A breathless voice spoke behind her: ‘I’d forgotten just how impressive it is at first sight.’

She spun, knives out, only to jump back and yelp her surprise.

Whatever it was, it was dead. Or rather, it was a corpse. Desiccated flesh, empty eye sockets, grinning yellowed teeth. Rags of clothing hung from its angular frame – what was once a thick layered cloak over age-worn leather and bronze armour. The hilt of a sword in a corroded scabbard jutted behind one shoulder. Cold horror stole over Kiska.

‘You’re from Malaz?’ the corpse asked in archaic Talian.

‘Yes,’ she stammered, ‘Malaz. Malaz Island.’

Its head, seemingly welded to its helm of corroded bronze, nodded slowly. ‘An island now, is it?

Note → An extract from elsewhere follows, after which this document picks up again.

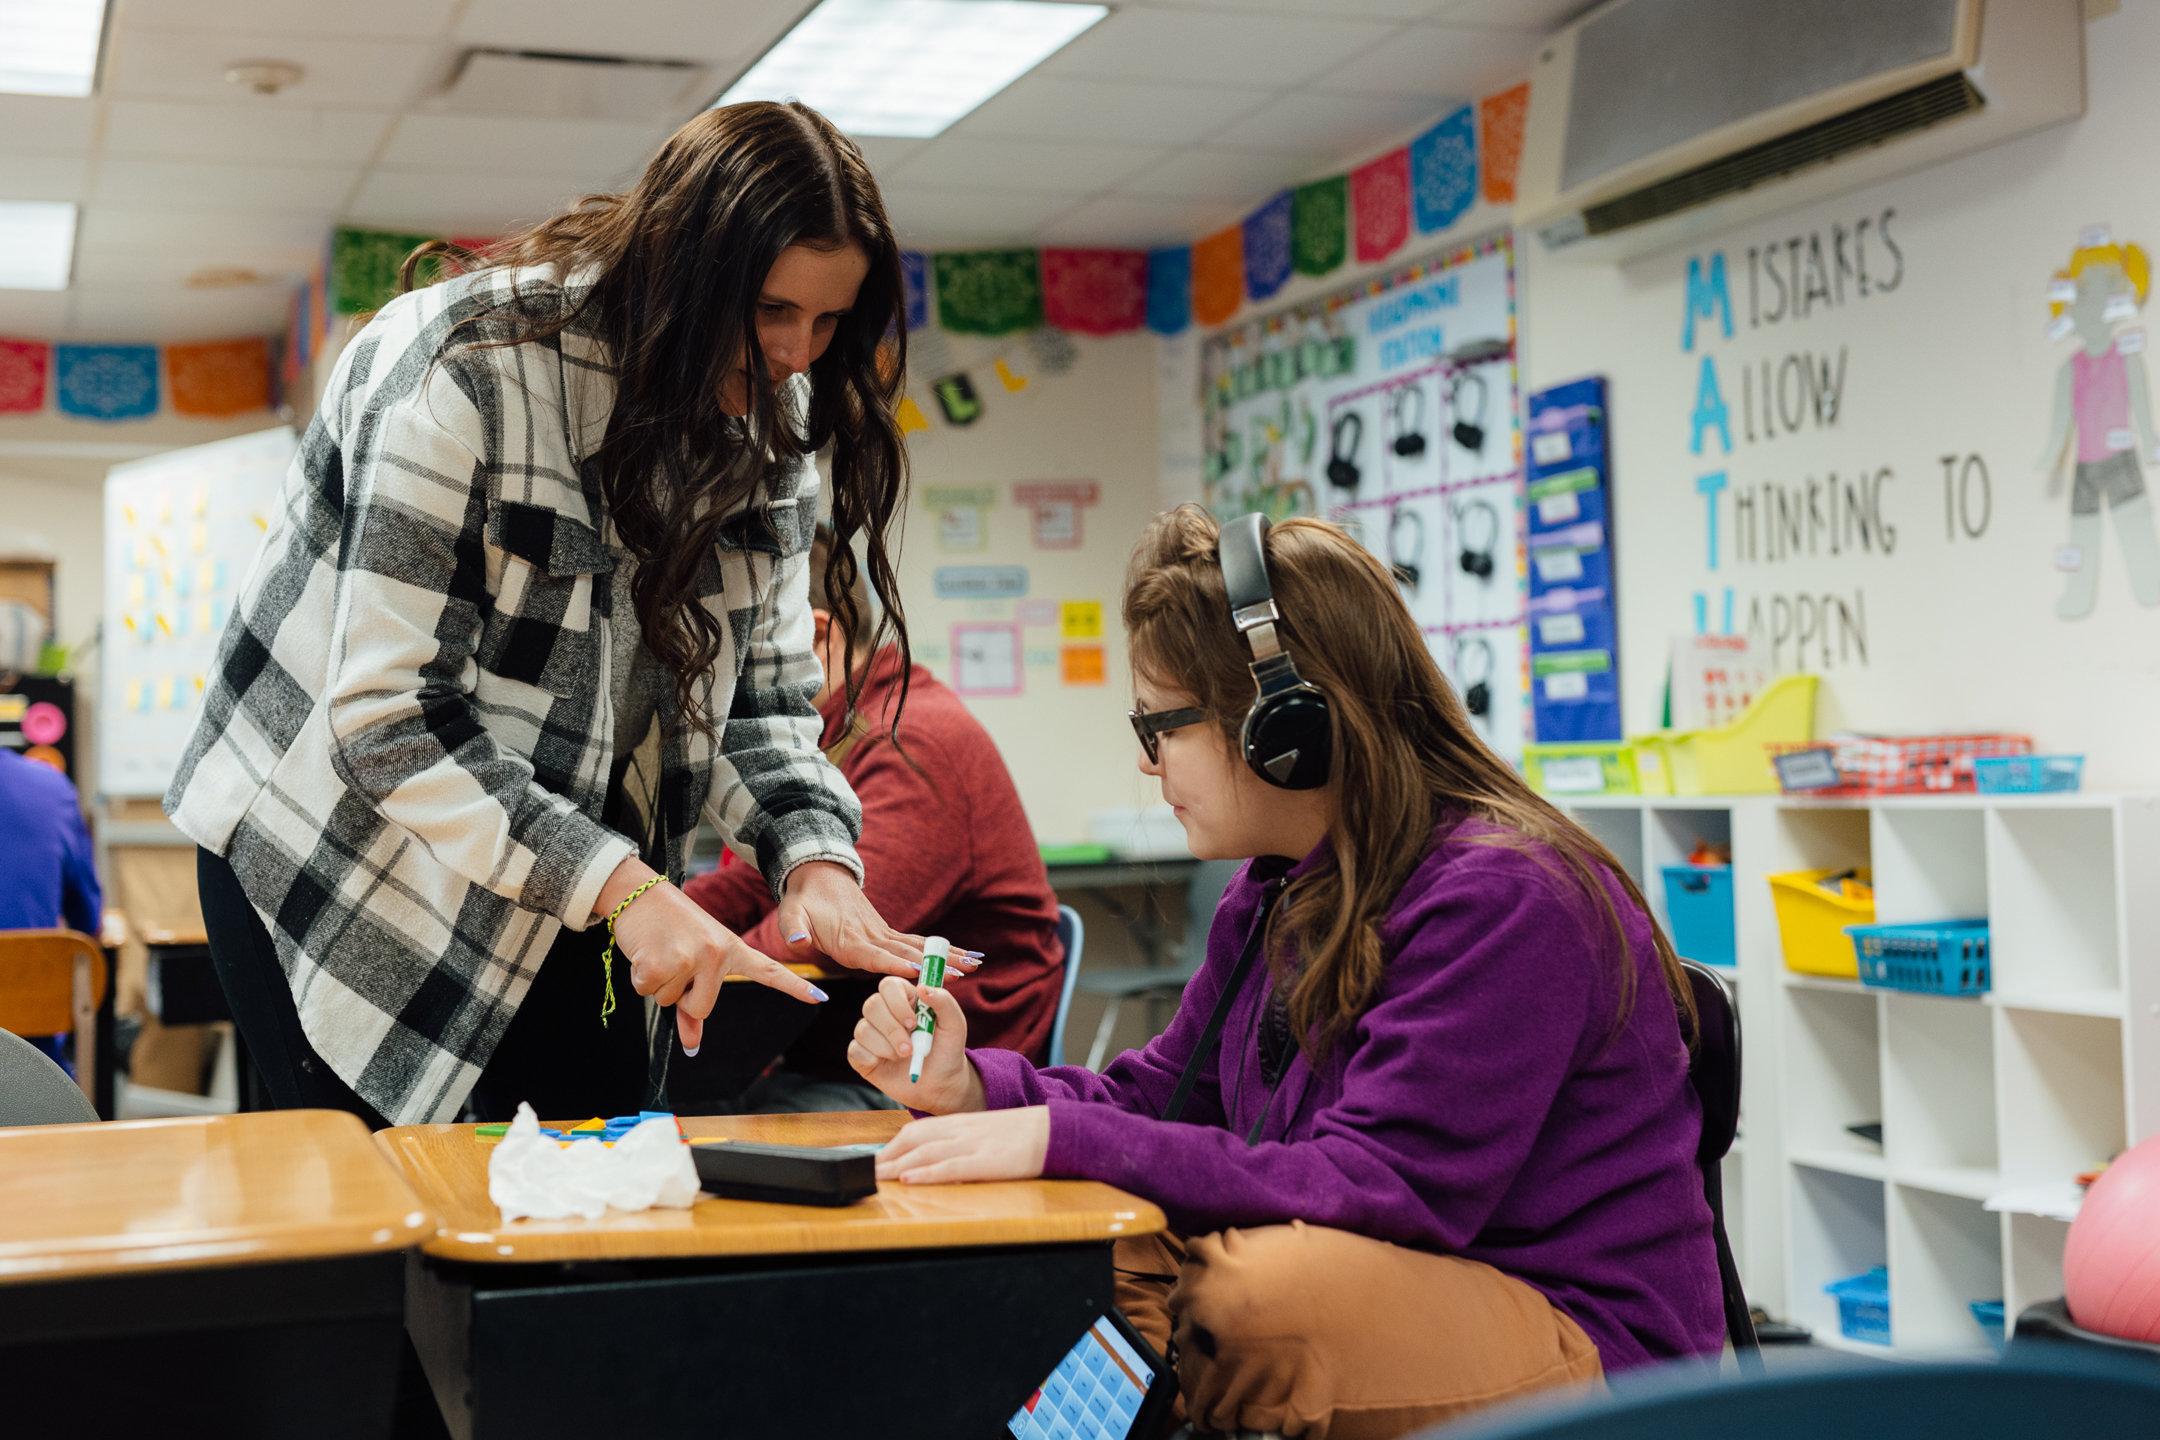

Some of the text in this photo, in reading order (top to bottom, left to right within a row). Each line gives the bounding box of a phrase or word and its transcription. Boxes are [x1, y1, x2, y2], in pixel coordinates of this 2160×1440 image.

[1681, 207, 1904, 353] MISTAKES
[1689, 346, 1849, 455] ALLOW
[1695, 452, 1992, 571] THINKING TO

I have walked that land many times.’

‘Who are you? Where am I?’

‘I am called Edgewalker. I walk the borders of Kurald Emurlahn. What you call Shadow. And this is part of that realm.’

Kiska pointed a knife to the far mountain of ice. ‘Then what is that?’

‘Something that belongs here no more than you.’

‘Oh.’ Kiska lowered her arm, shivered. ‘Well, I didn’t ask to come here.’

‘You were swept up by a Changing, a shadow storm. They will be frequent. I suggest you stay indoors.’

‘Indoors?’ Kiska barked a laugh.
’Where?’
Then she clamped her mouth shut. ‘You mean . . . you will send me back?’

‘Yes. I will. You do not belong here.’

‘Then I suppose I should give you my thanks.’ Kiska pushed back her hair, eyed the dunes. Was this really Malaz? Then she remembered. ‘Do you know a man named Oleg?’

‘No. I know of no one by that name.’

‘What of a ruler? If this is Shadow then does it have a throne?’

Edgewalker remained silent for a time, long enough for Kiska to lean closer. Had he died?

But at last he asked, ‘What of it?’

‘I was told someone would attempt to take it this night.’

‘Countless have tried. All have failed. Even those who succeeded for a time. Myself included, after a fashion. Now I walk its boundaries forever. And I fared better than most.’

Bizarrely, Kiska felt disappointed by the acknowledgement. She’d half-suspected, half-hoped, that Oleg had been insane. Now she tried to recall more of his babbling.

A low moaning raised the hairs at her neck. The creature raised one sinewy arm like the twisted branch of an oak and pointed back across the stream. Gold rings glinted on his withered fingers. ‘A Hound has found your scent. Run while you can, child.’